Events that could lead to PSPS. Strong winds, dry conditions, and low humidity can lead to a high fire index. When there is a high probability of an outage leading to a fire, PG&E has AI mechanical models in both the fire probability space and the outage space. Companies can also overlay outage spaces to determine where in their PG and E footprint conditions require PSPS. “We’re doing this in predictive mode because we want to communicate to our customers through PSPS that there is a possibility of an outage,” Strenfel said.
In addition to computer forecasting models, PG&E also relies on observations from weather stations already in place around the state, such as the National Weather Service, and remote weather stations, supplemented by 1,600 PG&E weather stations. These companies’ stations send a report every 10 minutes through an app when switched on. However, these stations can make observations every 30 seconds, allowing them to monitor the situation in real time and make potentially important decisions quickly.
Here, live weather maps are deployed internally at PG&E and developed for situational awareness and decision support. “As one of the lead meteorologists making difficult decisions regarding the PSPS, I need to know where all of our assets are, along with their context. Combined with high-resolution modeling, we can make the best decisions about whether to move forward with operational weather mitigation,” Strenfel said.
Sometimes, when the company is on the brink of doing a PSPS, Strenfel will tune in to a particular weather station doing a 10-minute microcast observation, then switch to a station that launches a 30-second microcast to see really detailed observations before making a PSPS decision.
As an example, Strenfel monitored weather conditions in Altamont Pass at 11 a.m. on June 26 and found that the likelihood of a catastrophic wildfire was low. That morning’s particular weather system brought cold air and rain showers to San Ramon that morning, limiting the potential for fires.
Another valuable tool is the PSPS Dashboard. This is a learning model that can monitor all deployed PG&E weather stations and make predictions for the next 129 hours. “The dashboard has a geographic view as well as a tabular view that shows what regions and what the risk matrix is,” Strenfel said. “Thus, this tool will allow PG&E to decide whether to undertake PSPS, which will be in the best interest of PG&E’s customers,” he added.
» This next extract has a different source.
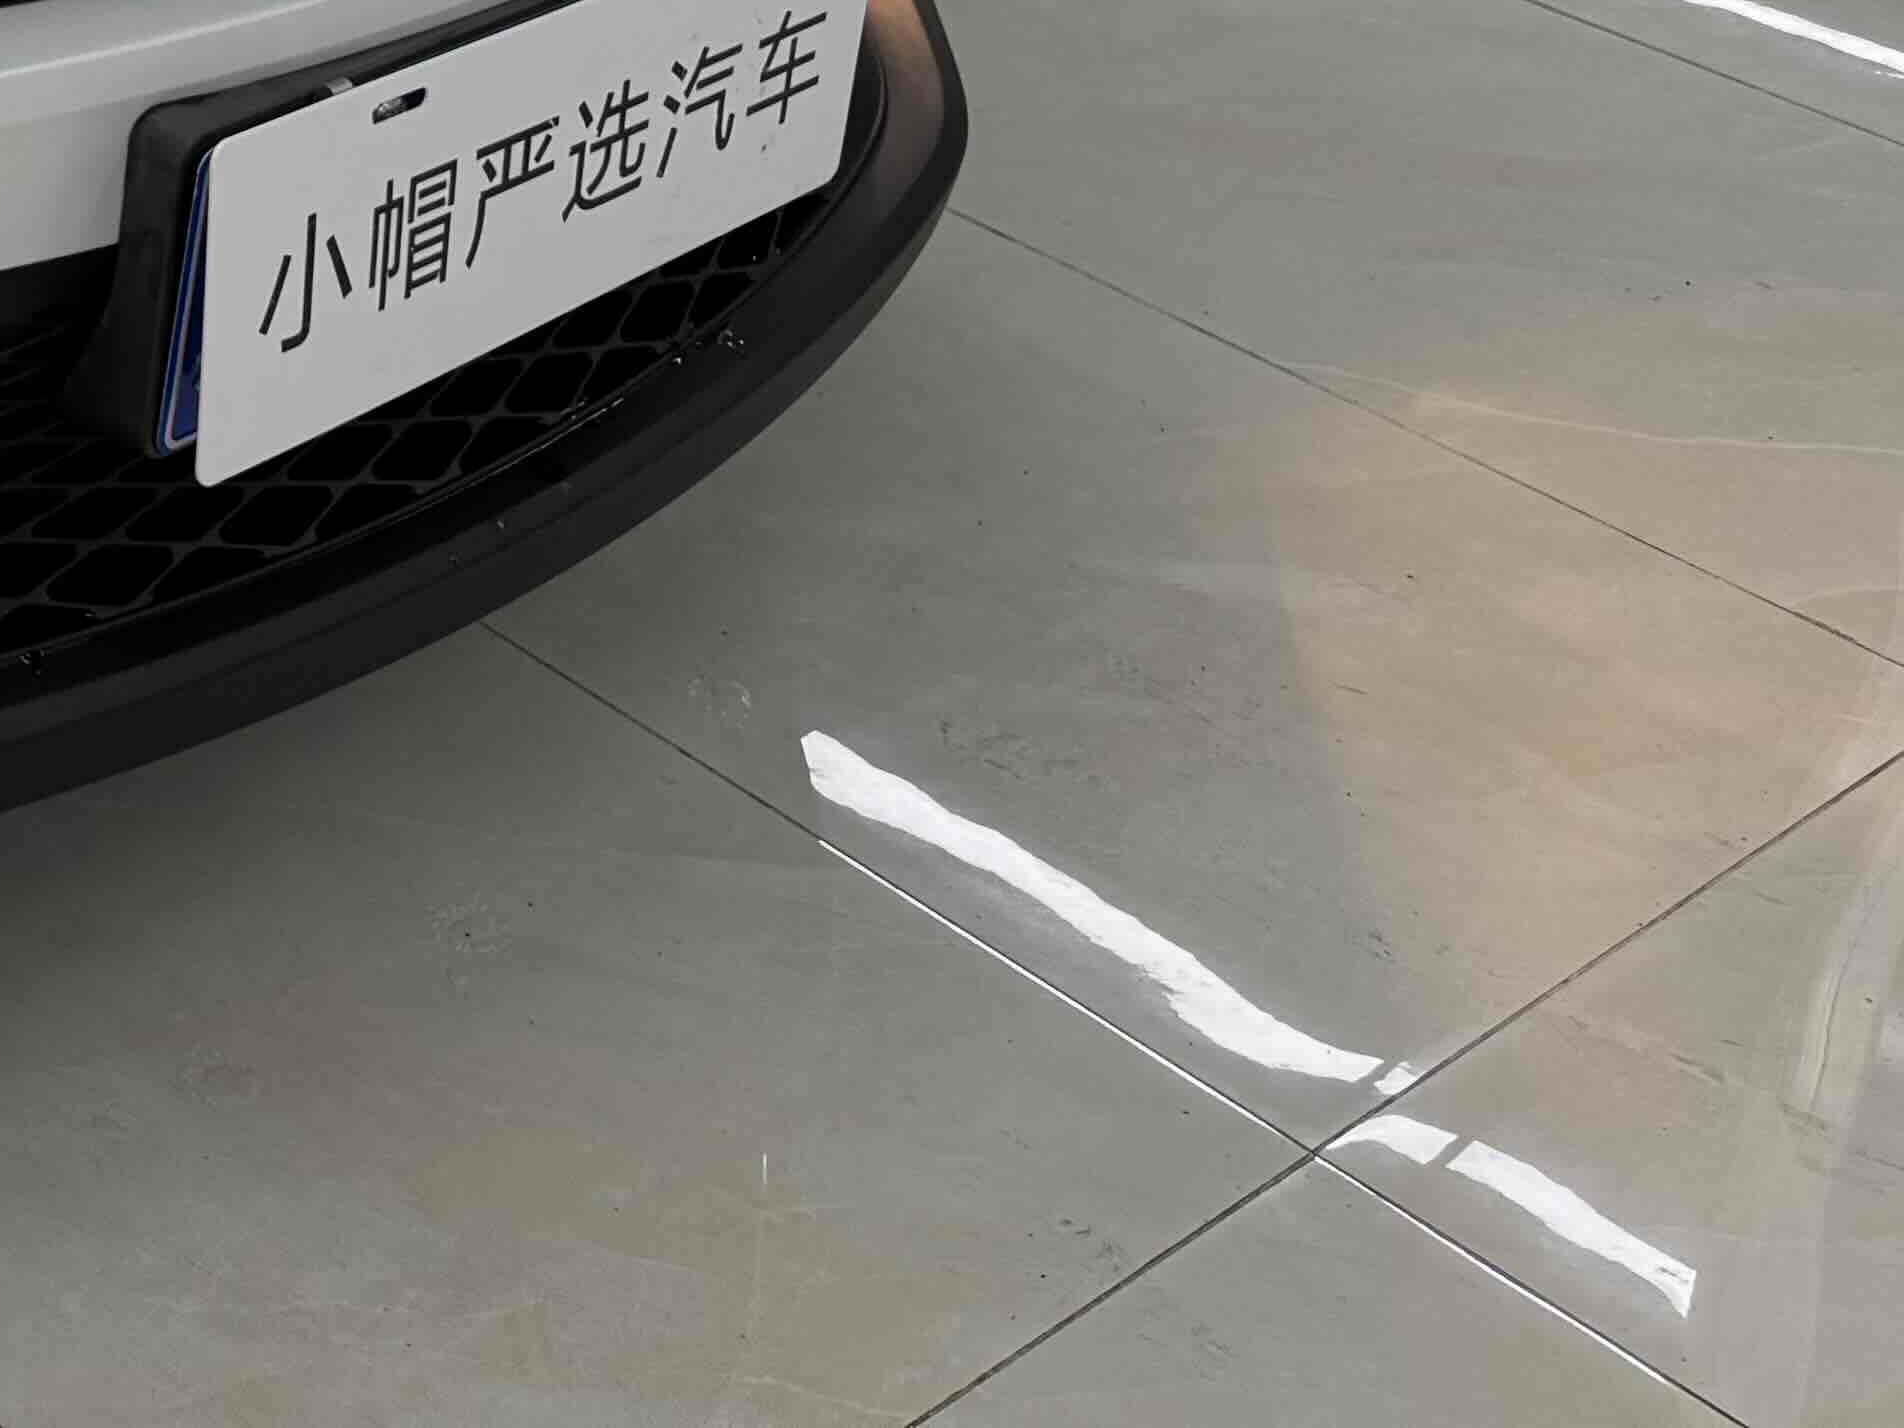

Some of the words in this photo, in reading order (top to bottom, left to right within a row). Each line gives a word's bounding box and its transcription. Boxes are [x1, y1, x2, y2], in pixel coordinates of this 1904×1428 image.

[259, 10, 828, 353] 小帽严选汽车
So the big question is: What will the 2026 fire season look like? According to the National Interagency Fire Center, an above-normal severe wildfire risk is predicted for most of PG&E’s service area except Southern California. The reason is that rising ocean temperatures off the coast of Baja California can lead to monsoon rains.
There’s an El Niño weather system just off its coast, but that doesn’t necessarily mean extra precipitation, Strenfel noted. According to machine learning models, dry Diablo winds will prevail throughout the summer and early fall. That means catastrophic wildfires are unlikely to occur this season.